[Opening Exercise material section]

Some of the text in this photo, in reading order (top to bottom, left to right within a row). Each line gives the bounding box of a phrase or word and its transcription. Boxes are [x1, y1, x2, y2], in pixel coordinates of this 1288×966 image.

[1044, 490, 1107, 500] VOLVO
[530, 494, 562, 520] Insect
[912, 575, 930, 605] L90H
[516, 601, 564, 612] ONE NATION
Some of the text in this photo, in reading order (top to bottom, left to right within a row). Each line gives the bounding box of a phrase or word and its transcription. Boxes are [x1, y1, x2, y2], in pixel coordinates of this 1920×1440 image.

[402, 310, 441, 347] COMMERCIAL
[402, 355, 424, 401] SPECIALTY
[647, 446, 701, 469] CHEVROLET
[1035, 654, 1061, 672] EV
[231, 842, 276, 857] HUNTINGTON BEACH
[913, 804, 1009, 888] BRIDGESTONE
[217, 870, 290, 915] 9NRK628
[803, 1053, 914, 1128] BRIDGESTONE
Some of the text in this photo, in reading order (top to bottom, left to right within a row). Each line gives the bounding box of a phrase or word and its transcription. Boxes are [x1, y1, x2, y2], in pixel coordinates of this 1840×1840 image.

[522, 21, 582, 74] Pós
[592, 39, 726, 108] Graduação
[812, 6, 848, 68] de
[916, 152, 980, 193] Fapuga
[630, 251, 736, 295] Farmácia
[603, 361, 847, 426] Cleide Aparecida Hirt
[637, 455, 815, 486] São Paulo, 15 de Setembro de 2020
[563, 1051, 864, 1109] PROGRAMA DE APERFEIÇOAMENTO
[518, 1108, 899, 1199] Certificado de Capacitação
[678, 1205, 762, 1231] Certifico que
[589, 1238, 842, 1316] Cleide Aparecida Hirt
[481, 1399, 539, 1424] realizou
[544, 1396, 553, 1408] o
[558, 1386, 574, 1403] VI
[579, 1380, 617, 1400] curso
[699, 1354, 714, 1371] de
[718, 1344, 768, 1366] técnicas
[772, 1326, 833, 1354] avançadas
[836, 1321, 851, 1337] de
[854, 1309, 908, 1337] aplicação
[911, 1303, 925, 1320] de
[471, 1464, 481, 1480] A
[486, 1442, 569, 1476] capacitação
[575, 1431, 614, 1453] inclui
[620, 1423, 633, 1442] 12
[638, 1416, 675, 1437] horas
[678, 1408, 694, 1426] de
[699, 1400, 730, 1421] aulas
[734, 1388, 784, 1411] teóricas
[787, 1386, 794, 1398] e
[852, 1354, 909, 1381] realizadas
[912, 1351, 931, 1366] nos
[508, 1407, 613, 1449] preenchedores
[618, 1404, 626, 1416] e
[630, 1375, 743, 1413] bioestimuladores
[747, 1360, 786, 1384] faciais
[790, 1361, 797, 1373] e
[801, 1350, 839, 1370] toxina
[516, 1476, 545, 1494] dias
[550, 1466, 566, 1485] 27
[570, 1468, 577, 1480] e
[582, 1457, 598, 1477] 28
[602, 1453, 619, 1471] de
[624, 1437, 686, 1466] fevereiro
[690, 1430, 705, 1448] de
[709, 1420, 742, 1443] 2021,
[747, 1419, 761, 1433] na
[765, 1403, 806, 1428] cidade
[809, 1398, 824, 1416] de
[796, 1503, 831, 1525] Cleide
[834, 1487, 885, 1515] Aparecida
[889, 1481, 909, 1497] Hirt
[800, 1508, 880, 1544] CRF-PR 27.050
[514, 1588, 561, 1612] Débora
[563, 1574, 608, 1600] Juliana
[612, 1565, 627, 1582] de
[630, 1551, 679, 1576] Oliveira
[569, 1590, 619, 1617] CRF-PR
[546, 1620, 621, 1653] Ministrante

[Closing Exercise material section]

Transcribe every record above exactly as it appears.

Result of this task ▸
Some of the text in this photo, in reading order (top to bottom, left to right within a row). Each line gives the bounding box of a phrase or word and its transcription. Boxes are [x1, y1, x2, y2], in pixel coordinates of this 1288×966 image.

[1044, 490, 1107, 500] VOLVO
[530, 494, 562, 520] Insect
[912, 575, 930, 605] L90H
[516, 601, 564, 612] ONE NATION
Some of the text in this photo, in reading order (top to bottom, left to right within a row). Each line gives the bounding box of a phrase or word and its transcription. Boxes are [x1, y1, x2, y2], in pixel coordinates of this 1920×1440 image.

[402, 310, 441, 347] COMMERCIAL
[402, 355, 424, 401] SPECIALTY
[647, 446, 701, 469] CHEVROLET
[1035, 654, 1061, 672] EV
[231, 842, 276, 857] HUNTINGTON BEACH
[913, 804, 1009, 888] BRIDGESTONE
[217, 870, 290, 915] 9NRK628
[803, 1053, 914, 1128] BRIDGESTONE
Some of the text in this photo, in reading order (top to bottom, left to right within a row). Each line gives the bounding box of a phrase or word and its transcription. Boxes are [x1, y1, x2, y2], in pixel coordinates of this 1840×1840 image.

[522, 21, 582, 74] Pós
[592, 39, 726, 108] Graduação
[812, 6, 848, 68] de
[916, 152, 980, 193] Fapuga
[630, 251, 736, 295] Farmácia
[603, 361, 847, 426] Cleide Aparecida Hirt
[637, 455, 815, 486] São Paulo, 15 de Setembro de 2020
[563, 1051, 864, 1109] PROGRAMA DE APERFEIÇOAMENTO
[518, 1108, 899, 1199] Certificado de Capacitação
[678, 1205, 762, 1231] Certifico que
[589, 1238, 842, 1316] Cleide Aparecida Hirt
[481, 1399, 539, 1424] realizou
[544, 1396, 553, 1408] o
[558, 1386, 574, 1403] VI
[579, 1380, 617, 1400] curso
[699, 1354, 714, 1371] de
[718, 1344, 768, 1366] técnicas
[772, 1326, 833, 1354] avançadas
[836, 1321, 851, 1337] de
[854, 1309, 908, 1337] aplicação
[911, 1303, 925, 1320] de
[471, 1464, 481, 1480] A
[486, 1442, 569, 1476] capacitação
[575, 1431, 614, 1453] inclui
[620, 1423, 633, 1442] 12
[638, 1416, 675, 1437] horas
[678, 1408, 694, 1426] de
[699, 1400, 730, 1421] aulas
[734, 1388, 784, 1411] teóricas
[787, 1386, 794, 1398] e
[852, 1354, 909, 1381] realizadas
[912, 1351, 931, 1366] nos
[508, 1407, 613, 1449] preenchedores
[618, 1404, 626, 1416] e
[630, 1375, 743, 1413] bioestimuladores
[747, 1360, 786, 1384] faciais
[790, 1361, 797, 1373] e
[801, 1350, 839, 1370] toxina
[516, 1476, 545, 1494] dias
[550, 1466, 566, 1485] 27
[570, 1468, 577, 1480] e
[582, 1457, 598, 1477] 28
[602, 1453, 619, 1471] de
[624, 1437, 686, 1466] fevereiro
[690, 1430, 705, 1448] de
[709, 1420, 742, 1443] 2021,
[747, 1419, 761, 1433] na
[765, 1403, 806, 1428] cidade
[809, 1398, 824, 1416] de
[796, 1503, 831, 1525] Cleide
[834, 1487, 885, 1515] Aparecida
[889, 1481, 909, 1497] Hirt
[800, 1508, 880, 1544] CRF-PR 27.050
[514, 1588, 561, 1612] Débora
[563, 1574, 608, 1600] Juliana
[612, 1565, 627, 1582] de
[630, 1551, 679, 1576] Oliveira
[569, 1590, 619, 1617] CRF-PR
[546, 1620, 621, 1653] Ministrante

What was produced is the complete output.